## Prompt
Leave the images out, and copy each of the records below exactly.

(Records from a data collection)
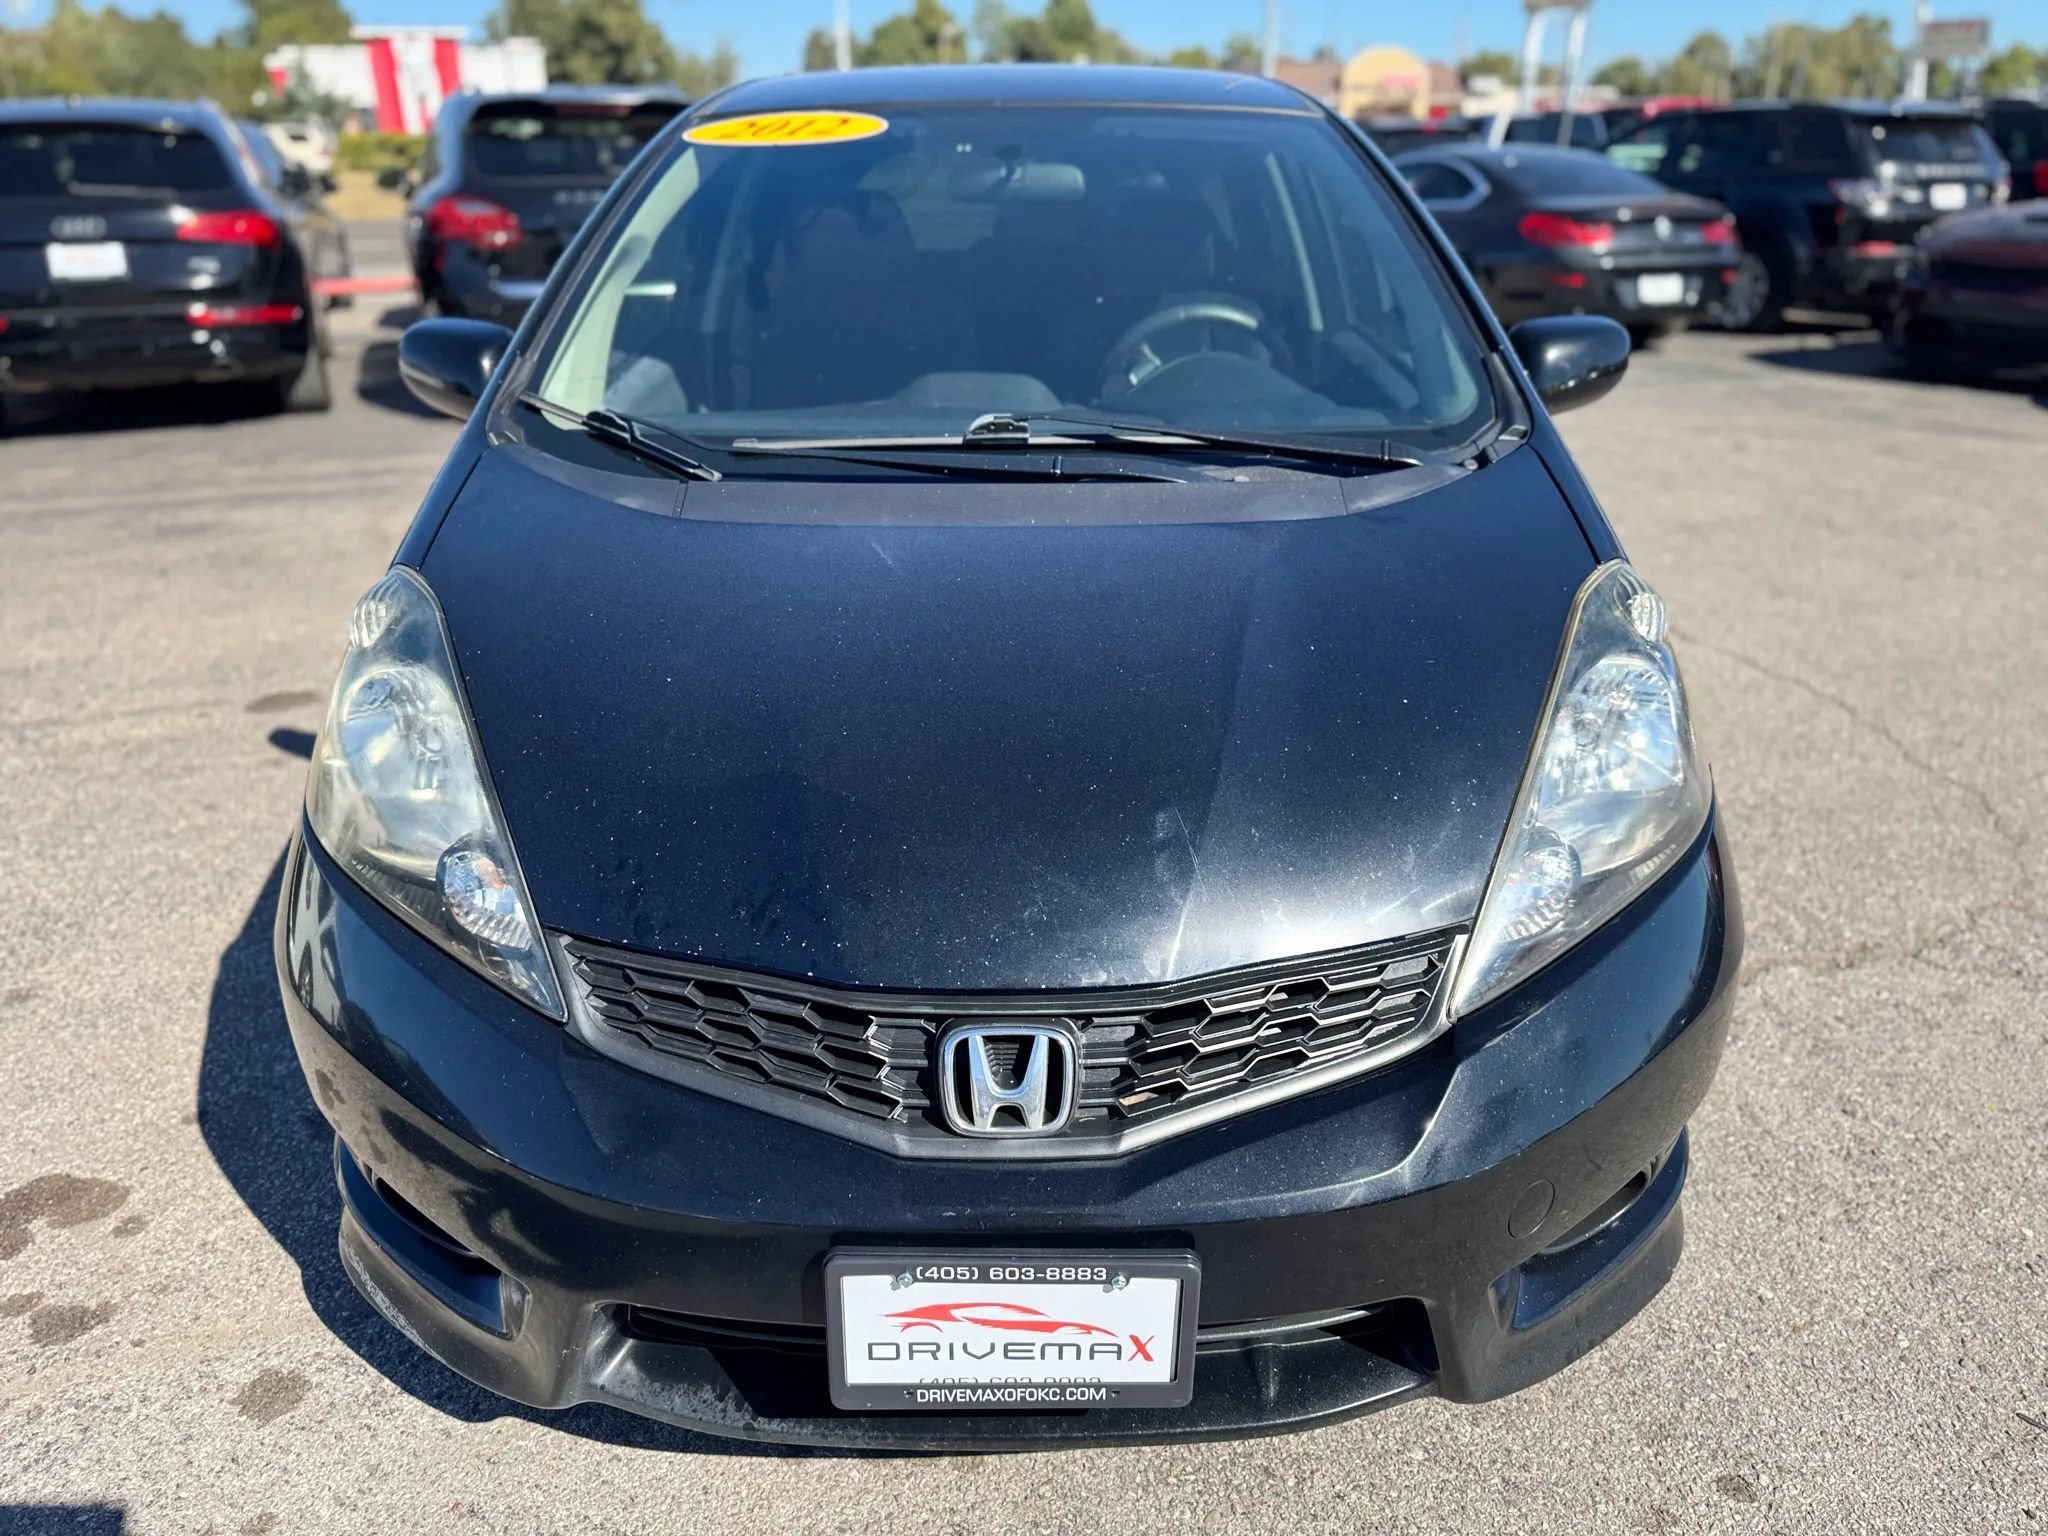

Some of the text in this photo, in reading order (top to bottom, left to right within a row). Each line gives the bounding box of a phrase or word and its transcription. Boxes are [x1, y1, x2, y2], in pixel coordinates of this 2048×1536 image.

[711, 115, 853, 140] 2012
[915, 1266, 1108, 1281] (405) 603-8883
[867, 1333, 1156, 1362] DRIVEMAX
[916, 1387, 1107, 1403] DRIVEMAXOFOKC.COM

## Reply
Some of the text in this photo, in reading order (top to bottom, left to right within a row). Each line gives the bounding box of a phrase or word and its transcription. Boxes are [x1, y1, x2, y2], in pixel coordinates of this 2048×1536 image.

[711, 115, 853, 140] 2012
[915, 1266, 1108, 1281] (405) 603-8883
[867, 1333, 1156, 1362] DRIVEMAX
[916, 1387, 1107, 1403] DRIVEMAXOFOKC.COM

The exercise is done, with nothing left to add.